Annotated photo localization data
§ §

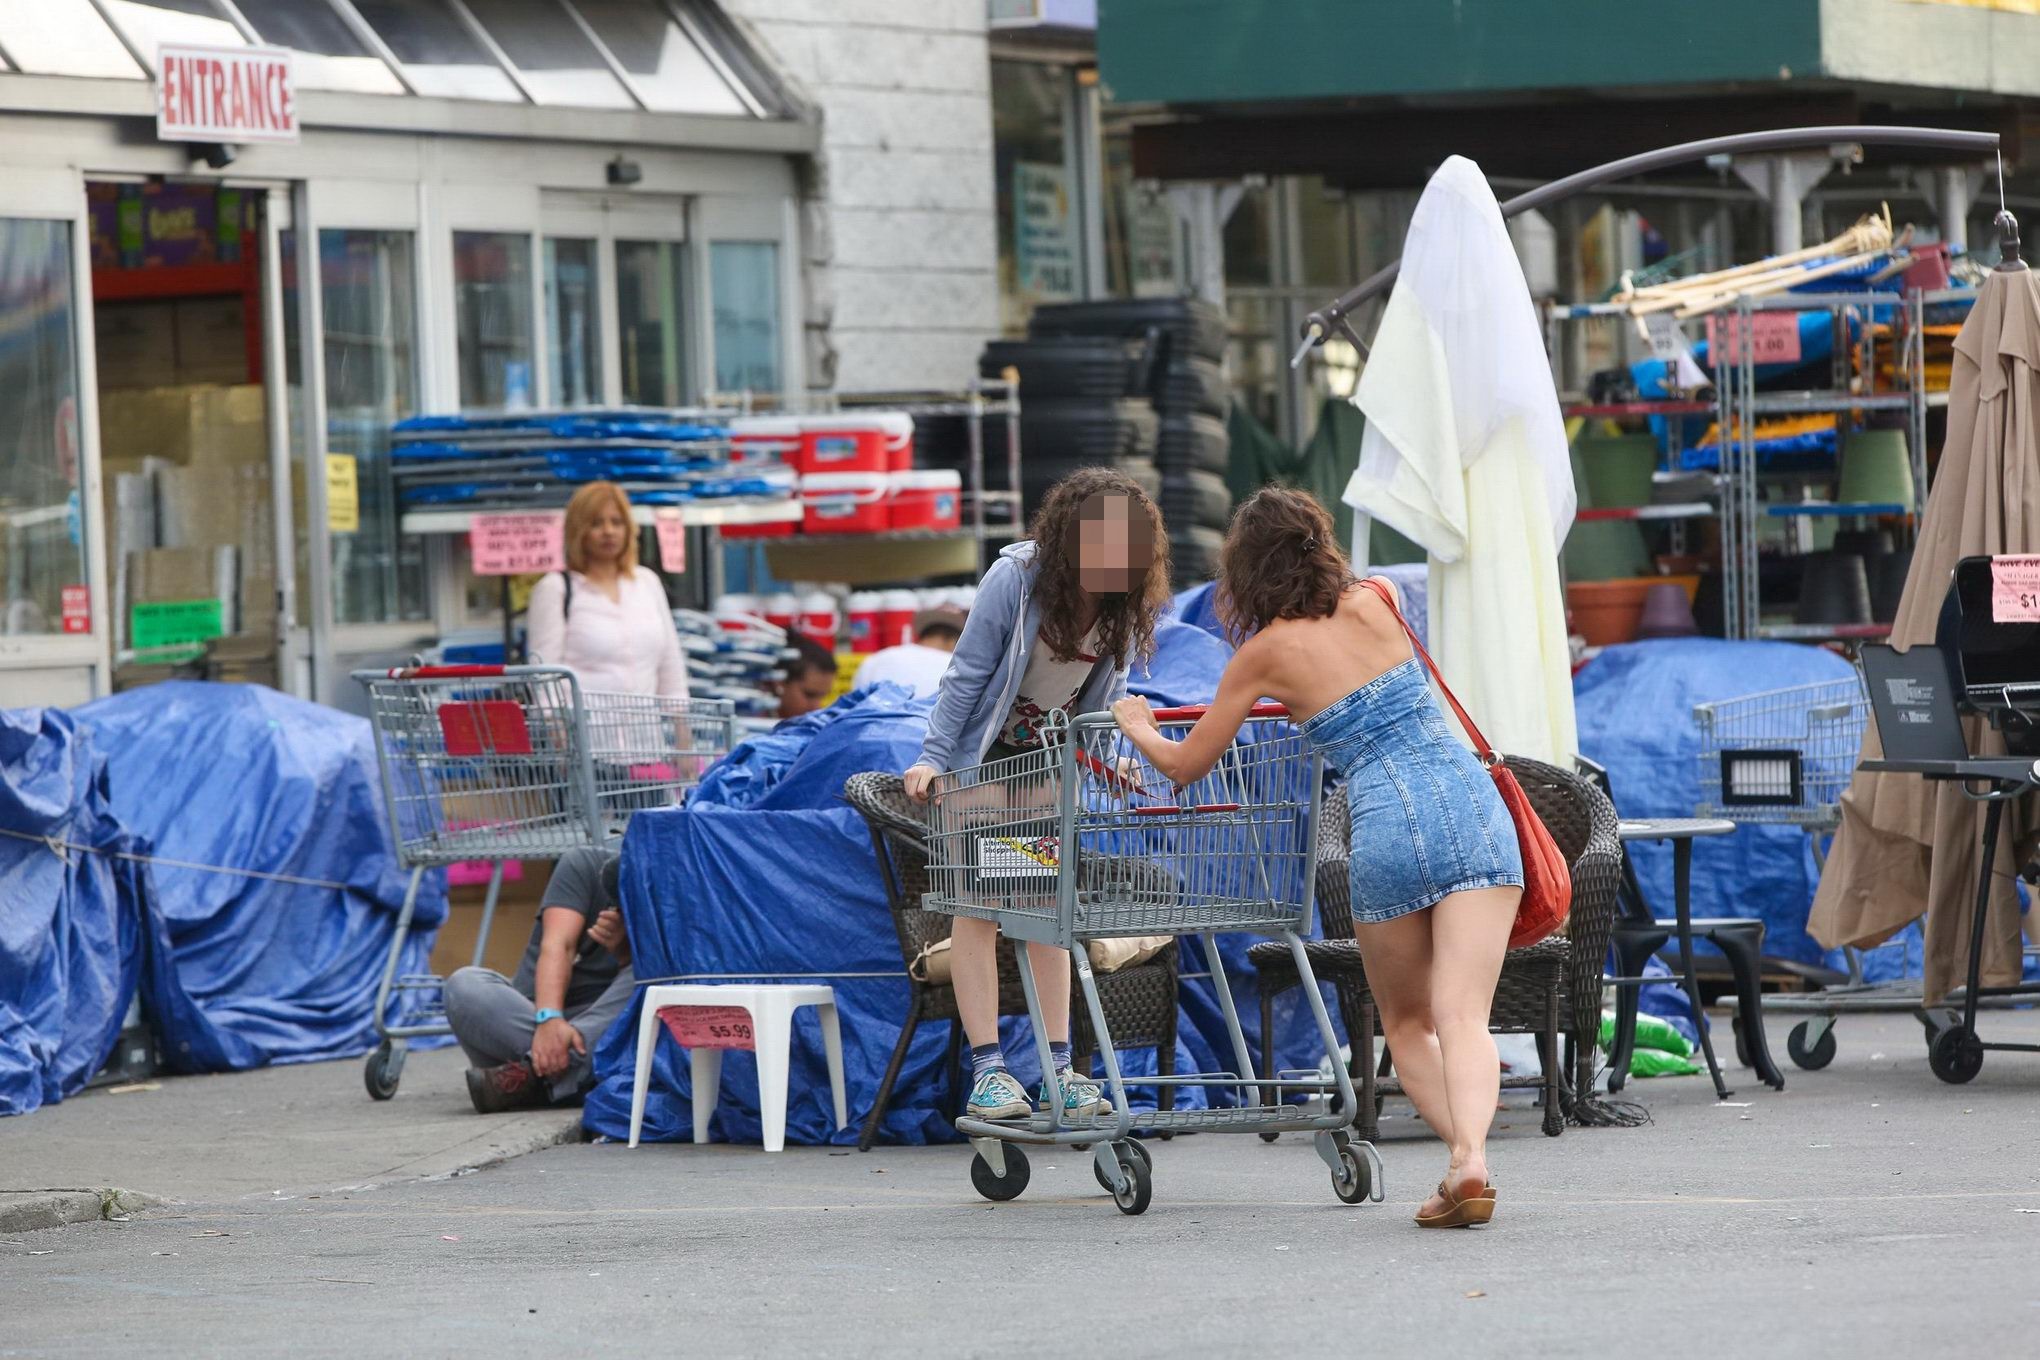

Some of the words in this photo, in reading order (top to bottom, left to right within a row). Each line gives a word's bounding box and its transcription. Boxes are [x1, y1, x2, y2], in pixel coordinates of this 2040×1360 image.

[164, 57, 291, 130] ENTRANCE
[983, 847, 1016, 855] Shoppes
[709, 1024, 751, 1039] $5.99
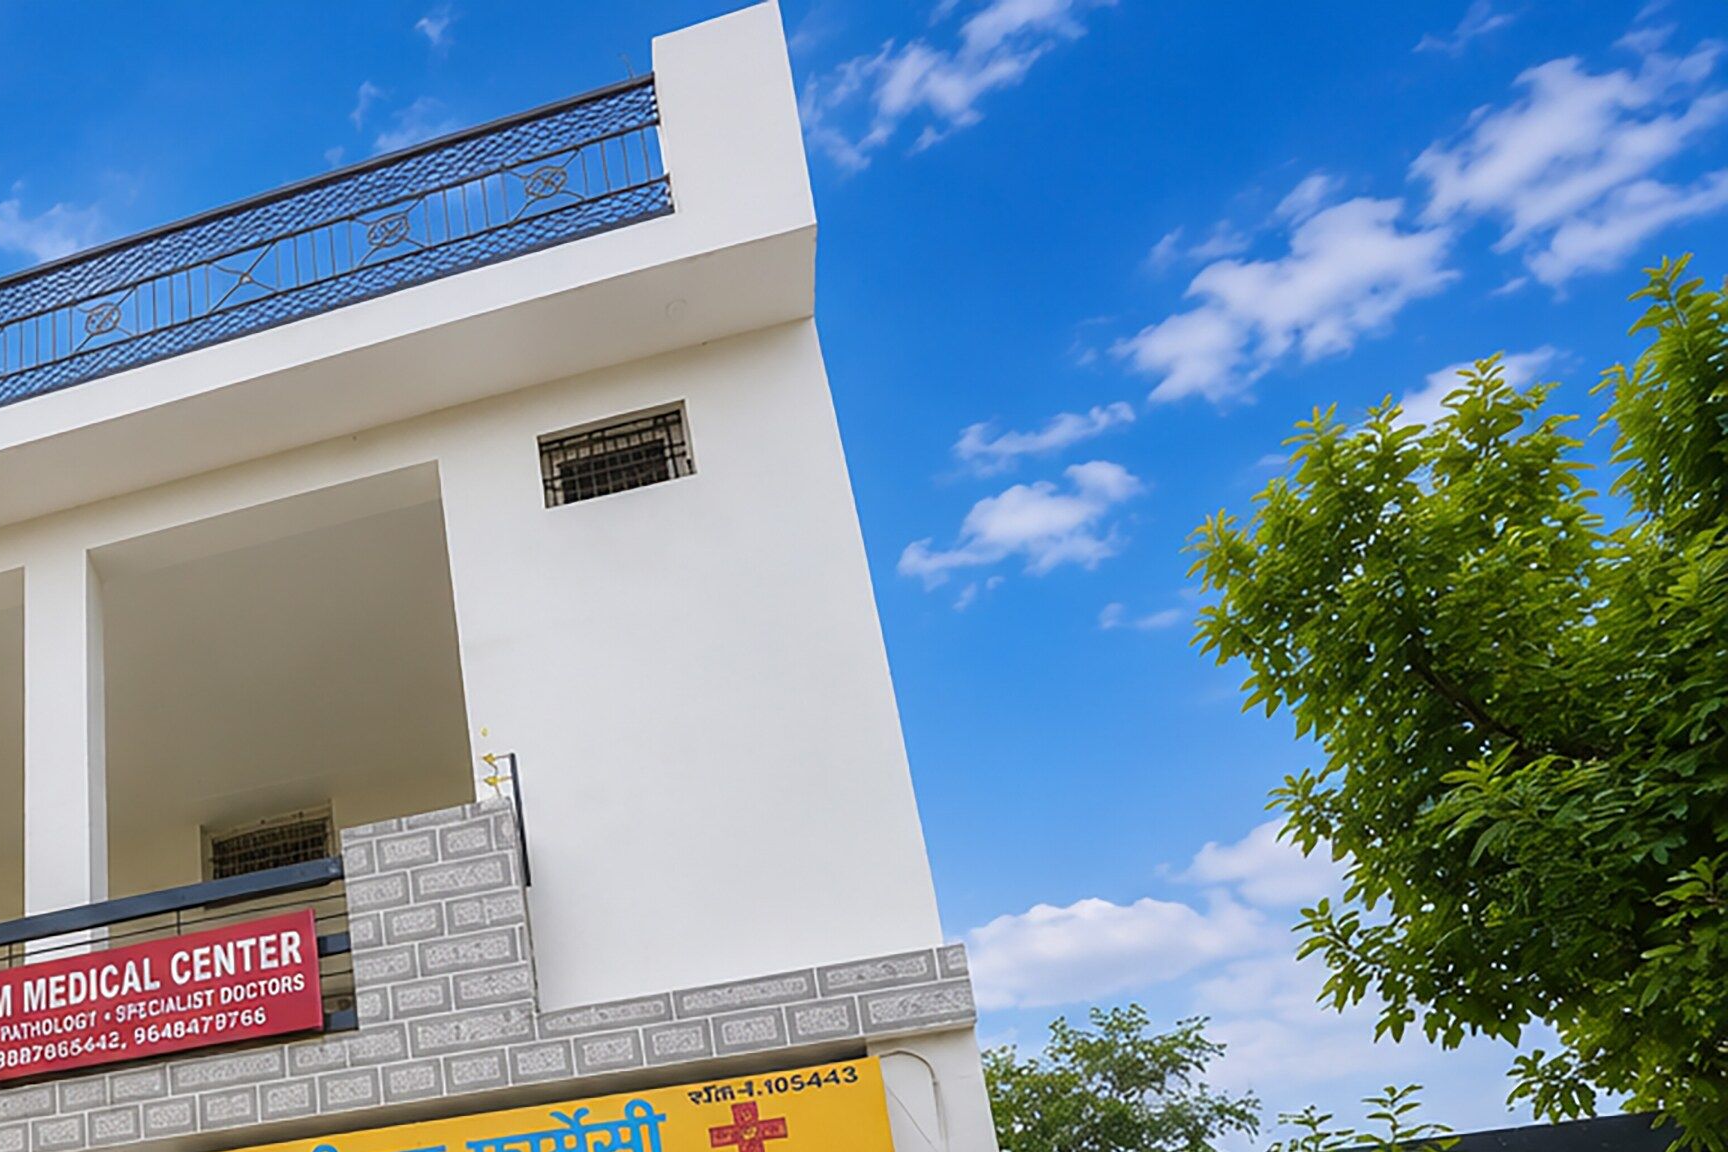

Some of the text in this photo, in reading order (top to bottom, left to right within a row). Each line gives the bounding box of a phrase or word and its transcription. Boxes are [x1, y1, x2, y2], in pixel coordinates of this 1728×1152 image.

[23, 959, 161, 1014] MEDICAL
[172, 930, 303, 987] CENTER
[220, 973, 306, 1005] DOCTORS
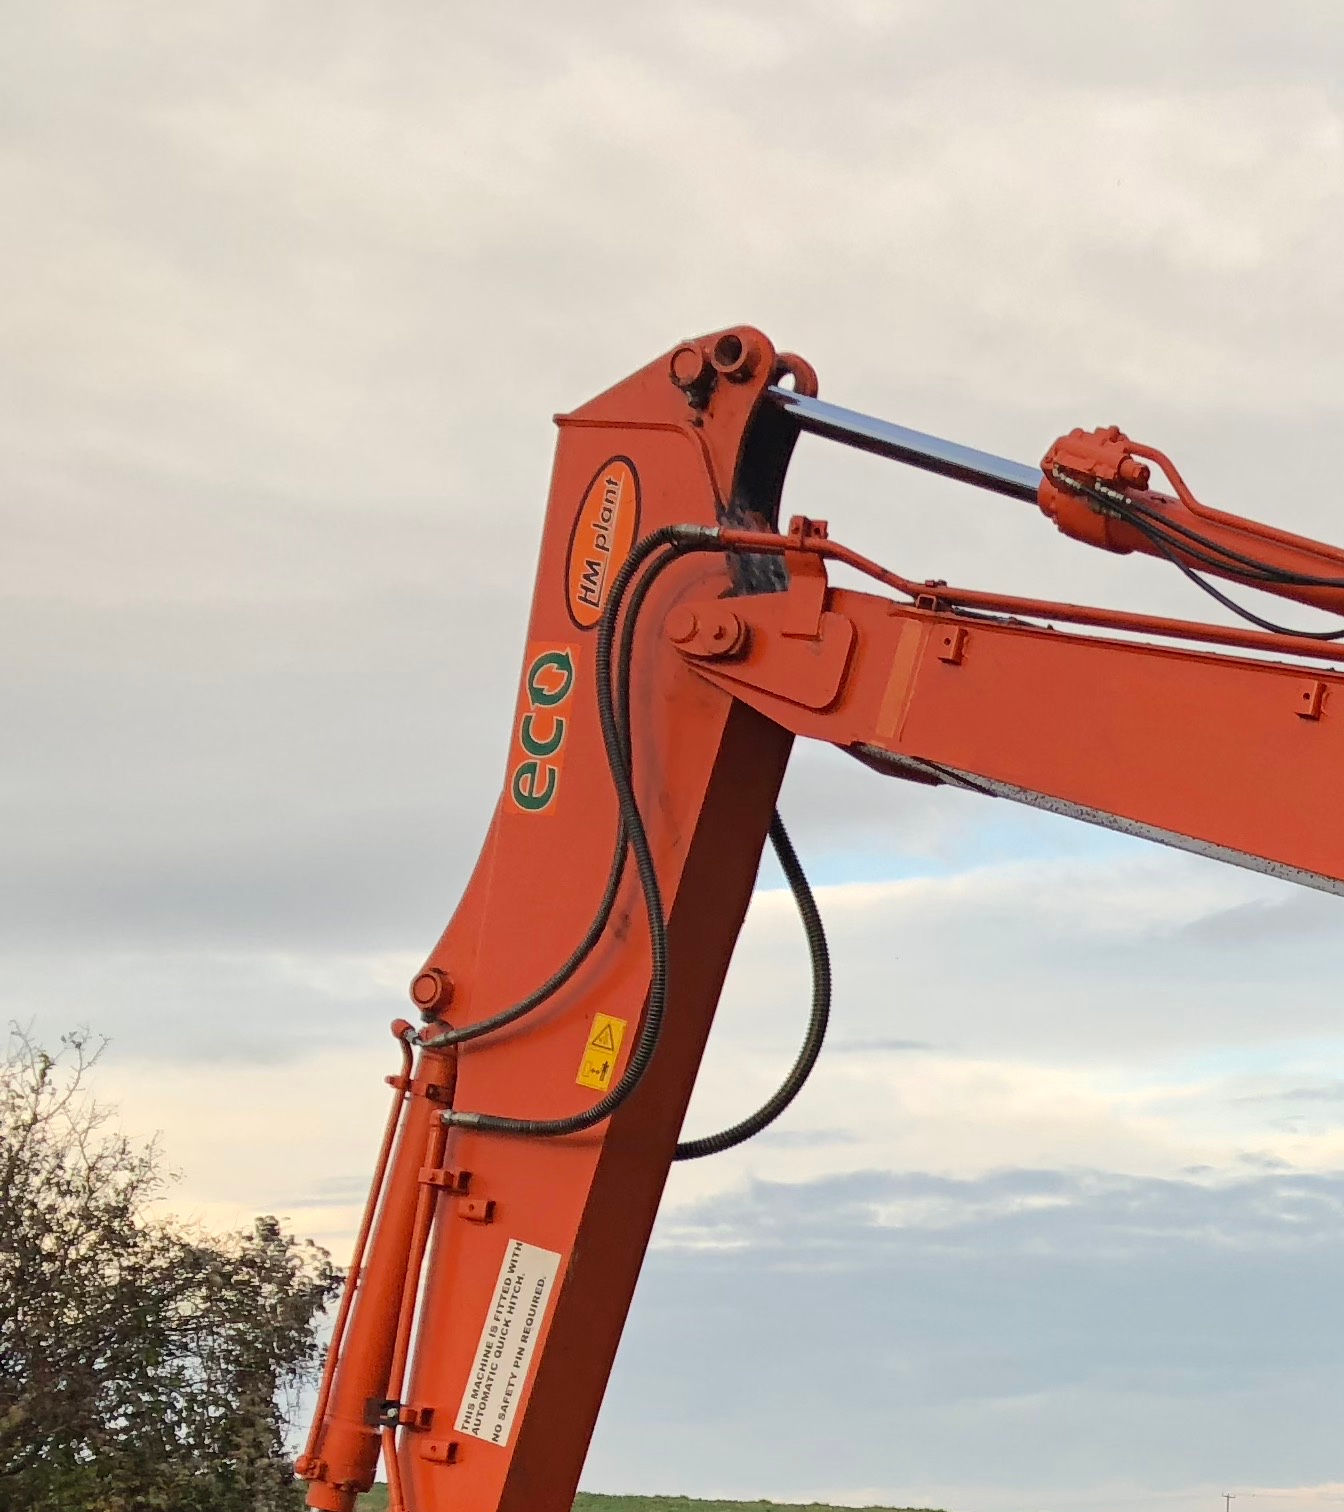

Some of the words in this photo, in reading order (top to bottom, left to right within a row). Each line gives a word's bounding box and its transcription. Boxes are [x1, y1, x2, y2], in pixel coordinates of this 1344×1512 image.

[577, 559, 602, 608] HM
[593, 477, 621, 553] plant
[512, 648, 575, 813] eco
[507, 1241, 524, 1274] WITH
[493, 1277, 512, 1322] FITTED
[471, 1362, 499, 1435] AUTOMATIC
[493, 1319, 512, 1359] QUICK
[506, 1273, 526, 1315] HITCH.
[488, 1326, 499, 1338] IS
[491, 1424, 503, 1443] NO
[498, 1372, 518, 1421] SAFETY
[513, 1346, 526, 1369] PIN
[520, 1276, 547, 1344] REQUIRED.
[471, 1341, 494, 1400] MACHINE
[460, 1403, 475, 1431] THIS

§ §

_YOUR GOAL_: Exactly as they appear, print the lines from the one holding "this 1344×1512 image." through the final line of the entries, and no others.

_YOUR RESPONSE_:
Some of the words in this photo, in reading order (top to bottom, left to right within a row). Each line gives a word's bounding box and its transcription. Boxes are [x1, y1, x2, y2], in pixel coordinates of this 1344×1512 image.

[577, 559, 602, 608] HM
[593, 477, 621, 553] plant
[512, 648, 575, 813] eco
[507, 1241, 524, 1274] WITH
[493, 1277, 512, 1322] FITTED
[471, 1362, 499, 1435] AUTOMATIC
[493, 1319, 512, 1359] QUICK
[506, 1273, 526, 1315] HITCH.
[488, 1326, 499, 1338] IS
[491, 1424, 503, 1443] NO
[498, 1372, 518, 1421] SAFETY
[513, 1346, 526, 1369] PIN
[520, 1276, 547, 1344] REQUIRED.
[471, 1341, 494, 1400] MACHINE
[460, 1403, 475, 1431] THIS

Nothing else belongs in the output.